-- Data for processing follows --

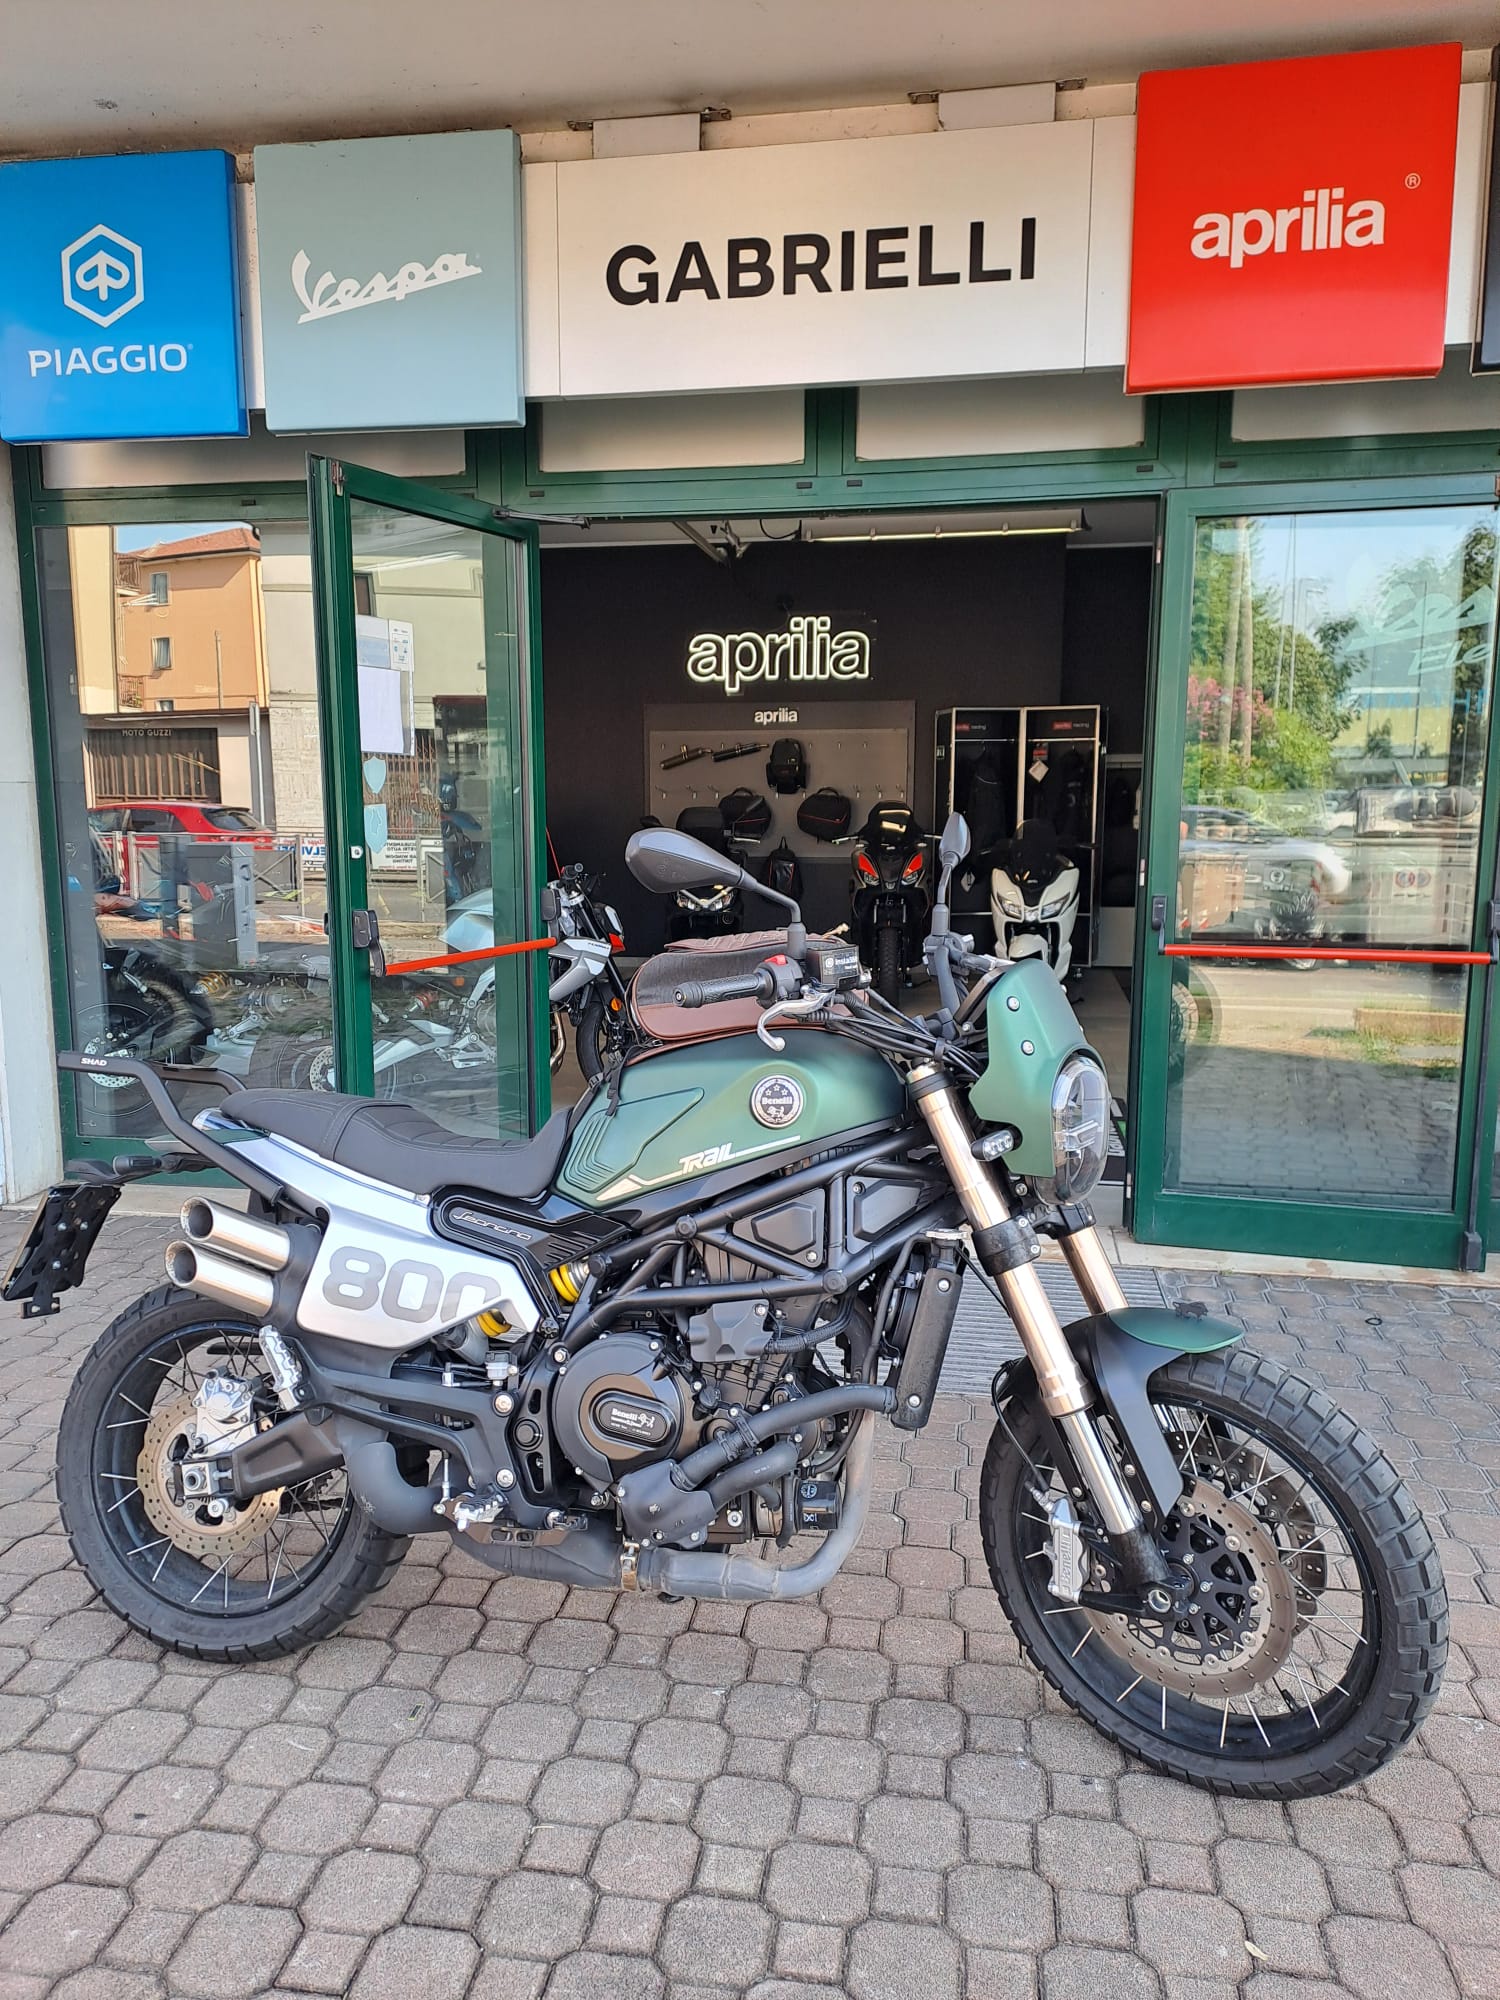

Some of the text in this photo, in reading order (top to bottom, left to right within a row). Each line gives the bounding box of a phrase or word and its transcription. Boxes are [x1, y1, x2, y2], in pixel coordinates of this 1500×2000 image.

[1190, 187, 1386, 269] aprilia
[606, 217, 1036, 307] GABRIELLI
[290, 248, 483, 325] Vespa
[27, 343, 188, 378] PIAGGIO
[687, 616, 870, 695] aprilia
[753, 707, 798, 725] aprilia
[122, 729, 172, 737] MOTO GUZZI
[80, 1057, 108, 1067] SHAD
[761, 1096, 793, 1105] Benelli
[453, 1211, 532, 1241] Leoncino
[611, 1407, 639, 1421] Benelli

-- Data for processing concluded --

Exercise
Only the pictures are dropped when you print the material; everything else is copied exactly.

Response
Some of the text in this photo, in reading order (top to bottom, left to right within a row). Each line gives the bounding box of a phrase or word and its transcription. Boxes are [x1, y1, x2, y2], in pixel coordinates of this 1500×2000 image.

[1190, 187, 1386, 269] aprilia
[606, 217, 1036, 307] GABRIELLI
[290, 248, 483, 325] Vespa
[27, 343, 188, 378] PIAGGIO
[687, 616, 870, 695] aprilia
[753, 707, 798, 725] aprilia
[122, 729, 172, 737] MOTO GUZZI
[80, 1057, 108, 1067] SHAD
[761, 1096, 793, 1105] Benelli
[453, 1211, 532, 1241] Leoncino
[611, 1407, 639, 1421] Benelli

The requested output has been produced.